A whistle squeaked above his head; somebody was blowing into one of the dozen speaking tubes clustered against the bulkhead. Then a push-wire popped open the steel lid of Tube Seven, Signals. He resignedly picked up the flexible reply tube and said into it: "This is the captain.

Go ahead."

"Grenville signals Force Three squall approaching from astern, sir."

"Force Three squall from astern. Turn out the fore-starboard watch.

Have them reef sail to Condition Charlie."

"Fore-starboard watch, reef sail to Condition Charlie, aye-aye."

"Execute."

"Aye-aye, sir." The lid of Tube Seven, Signals, popped shut. At once he heard the distant, penetrating shrill of the pipe, the faint vibration as one sixth of the deck crew began to stir in their cabins, awaken, hit the deck bleary-eyed, begin to trample through the corridors and up the hatchways to the deck. He got up himself and pulled on clothes, yawning. Reefing from Condition Fox to Condition Charlie was no serious matter, not even in the dark, and Walters on watch was a good officer. But he'd better have a look.

Being flush-decked, the ship offered him no bridge. He conned her from the "first top" of Friday mast, the rearmost of her five. The "first top" was a glorified crow's nest fifty feet up the steel basket-work of that great tower; it afforded him a view of all masts and spars in one glance.

He climbed to his command post too far gone for fatigue. A full moon now lit the scene, good. That much less chance of a green top-man stepping on a ratline that would prove to be a shadow and hurtling two hundred feet to the deck. That much more snap in the reefing; that much sooner it would be over. Suddenly he was sure he would be able to sleep if he ever got back to bed again.

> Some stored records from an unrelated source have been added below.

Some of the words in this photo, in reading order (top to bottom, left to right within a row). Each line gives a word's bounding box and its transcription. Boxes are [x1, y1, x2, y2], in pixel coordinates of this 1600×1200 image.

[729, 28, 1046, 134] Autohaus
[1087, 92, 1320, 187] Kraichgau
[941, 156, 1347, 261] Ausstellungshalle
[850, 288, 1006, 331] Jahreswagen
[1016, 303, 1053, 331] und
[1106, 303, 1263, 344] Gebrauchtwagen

He turned for a look at the bronze, moonlit heaps of the great net on the fantail. Within a week it would be cleaned and oiled; within two weeks stowed below in the cable tier, safe from wind and weather.

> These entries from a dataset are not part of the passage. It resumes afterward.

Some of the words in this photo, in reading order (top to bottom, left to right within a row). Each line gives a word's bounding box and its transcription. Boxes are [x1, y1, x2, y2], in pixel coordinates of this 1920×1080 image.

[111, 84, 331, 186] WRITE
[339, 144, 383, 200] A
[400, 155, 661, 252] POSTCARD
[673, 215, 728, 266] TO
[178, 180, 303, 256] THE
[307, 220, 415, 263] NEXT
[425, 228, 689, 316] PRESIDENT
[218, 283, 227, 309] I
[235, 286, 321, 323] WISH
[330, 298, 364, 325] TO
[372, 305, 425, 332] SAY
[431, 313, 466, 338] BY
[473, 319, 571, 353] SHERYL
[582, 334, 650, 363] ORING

The regiments of the fore-starboard watch swarmed up the masts from Monday to Friday, swarmed out along the spars as bosun's whistles squealed out the drill—The squall struck.

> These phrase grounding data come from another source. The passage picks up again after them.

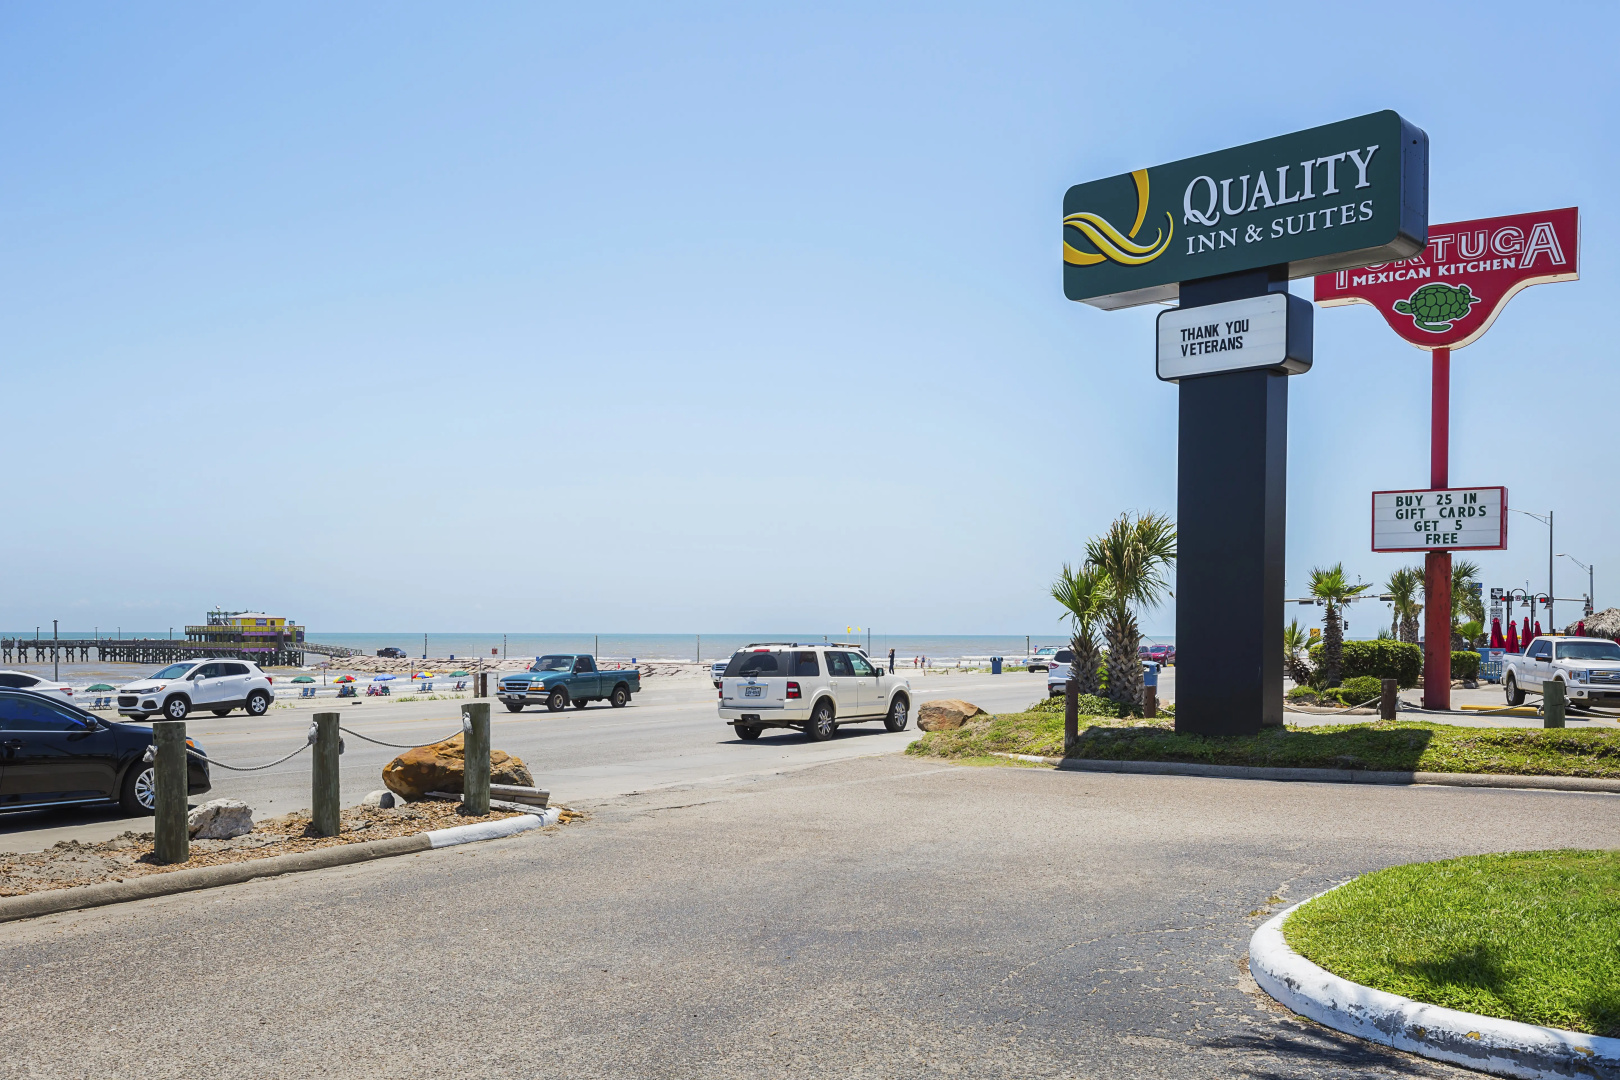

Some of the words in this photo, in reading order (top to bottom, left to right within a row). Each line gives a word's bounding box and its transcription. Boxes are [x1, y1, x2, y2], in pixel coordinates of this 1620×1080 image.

[1183, 145, 1380, 227] QUALITY
[1186, 227, 1238, 255] INN
[1245, 224, 1263, 244] &
[1270, 200, 1374, 239] SUITES
[1335, 222, 1566, 290] TUGA
[1352, 267, 1431, 287] MEXICAN
[1438, 257, 1516, 277] KITCHEN
[1180, 323, 1219, 342] THANK
[1225, 318, 1250, 335] YOU
[1181, 335, 1244, 357] VETERANS
[1396, 495, 1423, 507] BUY
[1436, 494, 1452, 505] 25
[1464, 492, 1477, 504] IN
[1395, 508, 1426, 520] GIFT
[1439, 505, 1487, 518] CARDS
[1414, 520, 1439, 532] GET
[1455, 520, 1463, 530] 5
[1425, 533, 1458, 544] FREE

Wind screamed and tore at him; the captain flung his arms around a stanchion. Rain pounded down upon his head and the ship reeled in a vast, slow curtsy, port to starboard. Behind him there was a metal sound as the bronze net shifted inches sideways, back.

The sudden clouds had blotted out the moon; he could not see the men who swarmed along the yards but with sudden terrible clarity he felt through the soles of his feet what they were doing. They were clawing their way through the sail-reefing drill, blinded and deafened by sleety rain and wind. They were out of phase by now; they were no longer trying to shorten sail equally on each mast; they were trying to get the thing done and descend. The wind screamed in his face as he turned and clung. Now they were ahead of the job on Monday and Tuesday masts, behind the job on Thursday and Friday masts.

So the ship was going to pitch. The wind would catch it unequally and it would kneel in prayer, the cutwater plunging with a great, deep stately obeisance down into the fathoms of ocean, the stern soaring slowly, ponderously, into the air until the topmost rudder-trunnion streamed a hundred-foot cascade into the boiling froth of the wake.